No more trouble, thanks.

Pubblicato: 20/03/2011 in Manoscritti Giacomo

In televisione e sui giornali non si parla d’altro, sui siti delle principali agenzie di stampa nazionale e sui blog sono queste le notizie che tengono banco, il mondo sembra volgere al suo totale e definitivo declino verso la violenza, la sofferenza e l’impossibilità di fruire del diritto ad una vita dignitosa.

Cinquemila anni di storia non sono stati utili all’uomo per imparare ad evitare il dolore e la sofferenza o perlomeno, a minimizzare i danni causati da eventi inevitabili.

Nulla è servito a ricordare all’uomo della sua condizione fragile e inerme, a ricordarci che siamo deboli e impotenti di fronte alle grandi tragedie, nulla è servito a farci capire che proteggere la nostra vita è già abbastanza difficile senza il bisogno di doversi complicare con guerre, stragi o l’utilizzo del nucleare.

Nulla, ancora, riesce a farci capire che chi scappa dal proprio paese e sbarca sulle nostre coste è un uomo, niente di più e niente di meno, un essere umano esattamente come noi, con i suoi sogni, i suoi ideali, la sua fede e la speranza di avere una vita non dico meravigliosa, ma perlomeno dignitosa.

Niente può permetterci di discriminare chi ha il coraggio di abbandonare la propria casa e la propria famiglia per fuggire da un paese lacerato dalle bombe e dai proiettili, massacrato dalla fame e dalle angherie di un dittatore.

Né la nostra bandiera, né i confini ci danno il diritto di cacciarli o affondare quei miseri barconi sui quali si affollano per scappare. Il colore della loro pelle, per quanto possa essere diverso dal mio, non li rende inferiori, non li rende sacrificabili.


In Giappone, l’ultima new-entry nella lista dei paesi devastati (che ovviamente include buona parte dell’Africa e tanti altri stati piegati da guerre civili, fame e miseria), mancano corrente, medicine, assistenza, posti letto e tanto altro ancora.

I campi e i capi di bestiame sono ormai contaminati dalle radiazioni, le fonti primarie dell’alimentazione di un intero paese sono ormai fuori uso.

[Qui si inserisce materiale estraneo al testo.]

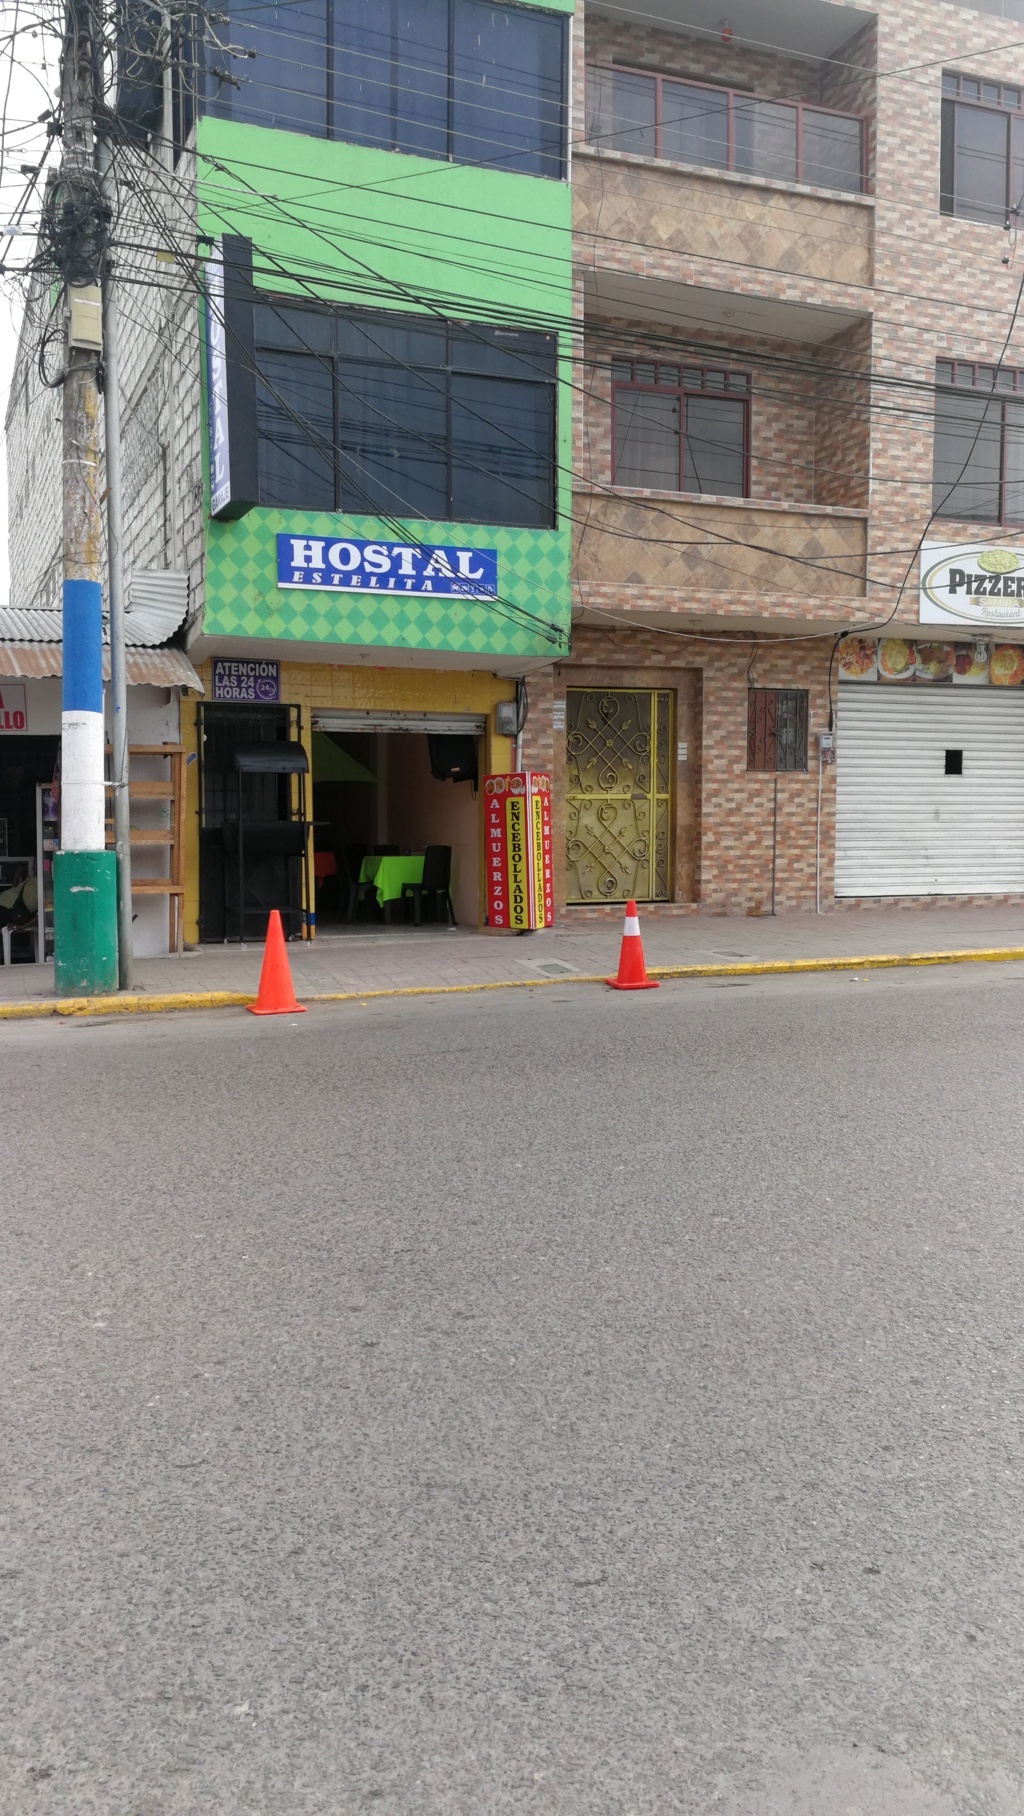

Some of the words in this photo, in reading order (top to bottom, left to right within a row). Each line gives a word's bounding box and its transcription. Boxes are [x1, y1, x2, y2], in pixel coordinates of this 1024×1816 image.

[290, 538, 484, 579] HOSTAL
[292, 571, 433, 591] ESTELITA
[979, 598, 1020, 607] SAMIRA
[982, 607, 1021, 618] Restaurant
[216, 661, 277, 677] ATENCIÓN
[215, 675, 238, 687] LAS
[241, 677, 255, 687] 24
[215, 687, 255, 699] HORAS
[490, 799, 504, 925] ALMUERZOS
[510, 801, 524, 925] ENCEBOLLADOS
[535, 800, 543, 923] ENCEBOLLADOS
[543, 797, 552, 922] ALMUERZOS
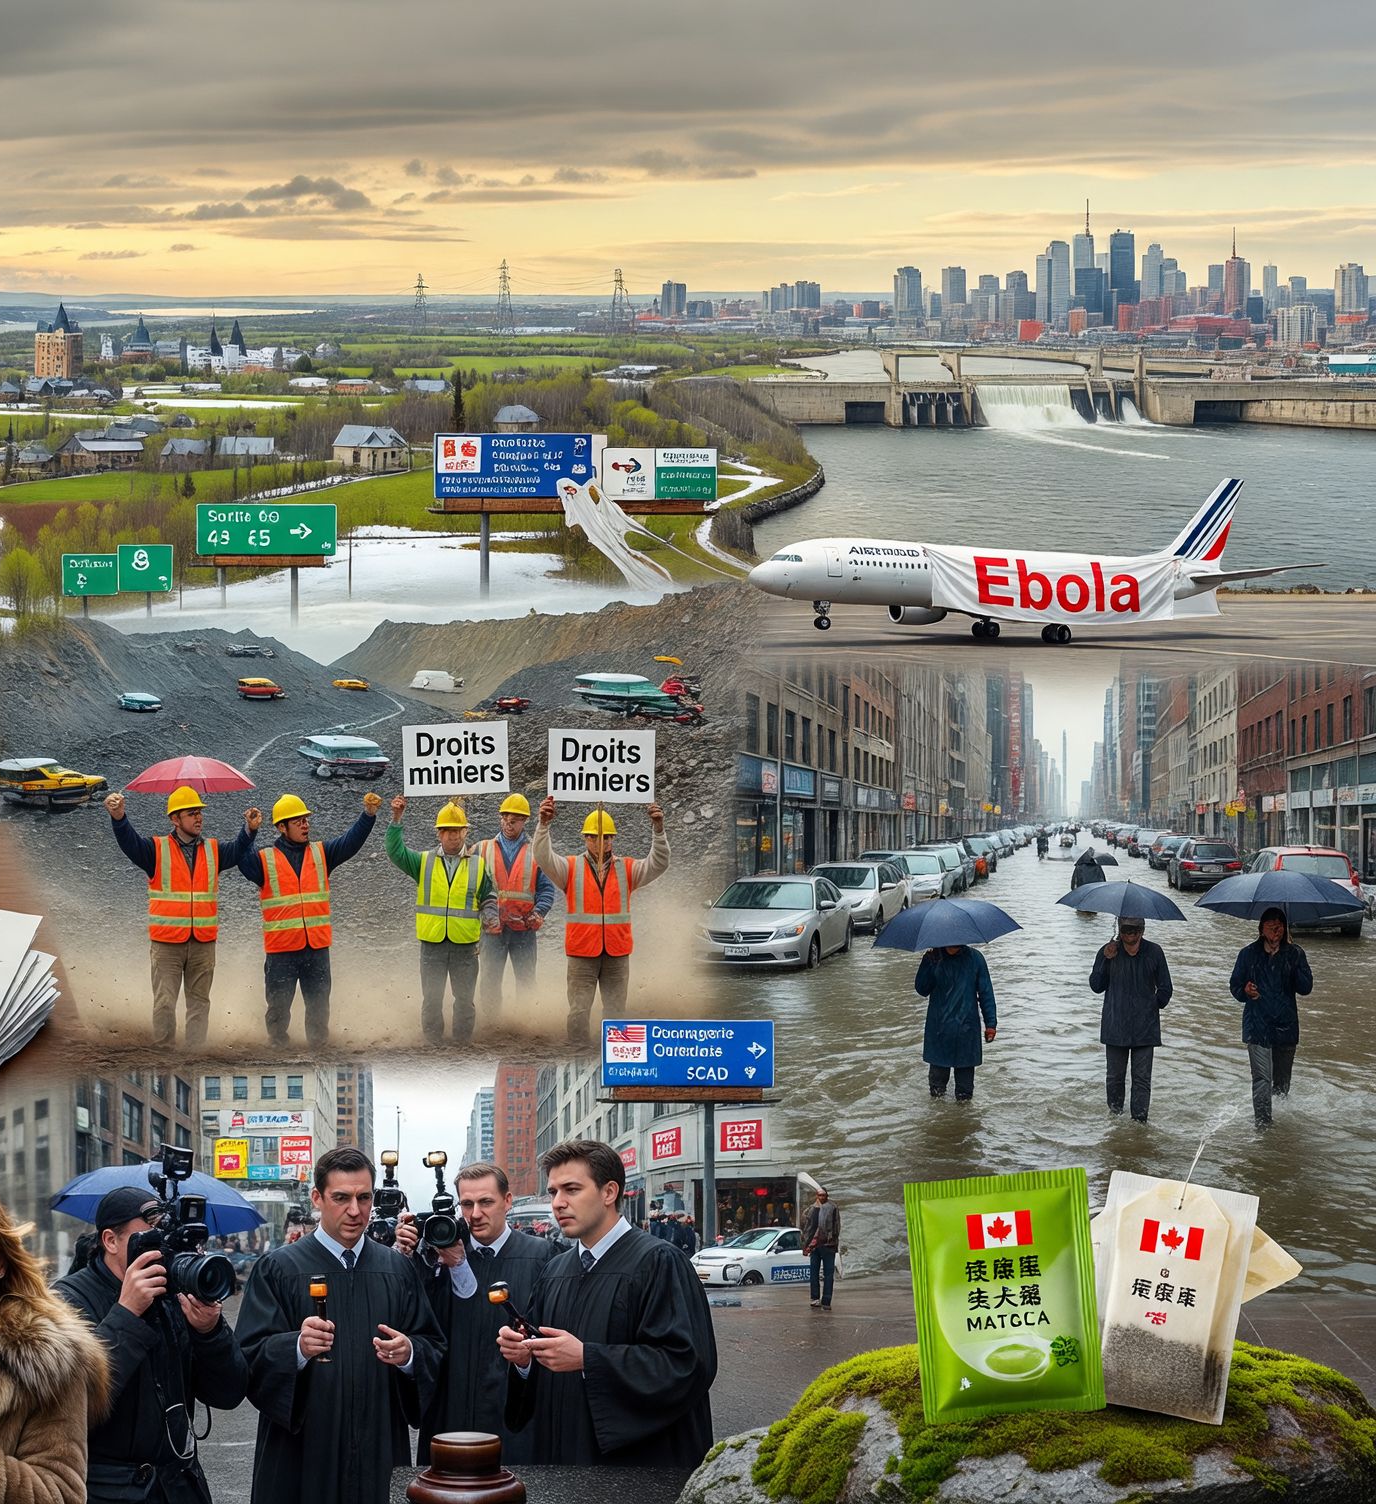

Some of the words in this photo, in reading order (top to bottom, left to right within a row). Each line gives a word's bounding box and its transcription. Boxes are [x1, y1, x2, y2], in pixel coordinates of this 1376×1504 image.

Gli ospedali sono stracolmi, i cadaveri vengono ammucchiati ai lati delle strade e gli sciacalli sono già calati da parecchie notti.

Sembra che tutto il dolore di Haiti, che ancora oggi ha enormi problemi con colera, malsanità e fame, si sia trasferito in Giappone.

 

E mentre succede tutto questo, la principale preoccupazione dei nostri burattinai è di bombardare la Libia, dare la caccia a Gheddafi.

Per portare democrazia e pace, certo, per ridare dignità ad un popolo sofferente, per migliorare la condizione dei nostri fratelli libici.

Quante belle intenzioni, quanti sani principi che si sventolano mentre la mano potente dei burattinai si allunga sulle raffinerie e sulle riserve di petrolio, l’unica vera preoccupazione di chi ci comanda e ci raggira.

E noi stiamo qui a berci tutto quanto, certo, come se non fosse evidente che l’unica vera intenzione è prendere il possesso del greggio africano, di impossessarsi di tutto ciò di cui ci si può impossessare, come se non fosse evidente che la “grande Primavera Africana” non è nient’altro che un colossale complotto finalizzato alla creazione di nuovi stati marionette.

Così, mentre i giornali alimentano il nostro terrore per un nuovo disastro nucleare e i politici aumentano il nostro razzismo e la nostra xenofobia, i potenti tramano e raggiungono i loro scopi, mentre il popolino non si accorge di nulla e paga inconsapevolmente sulla propria pelle il prezzo delle decisioni che giungono dall’alto.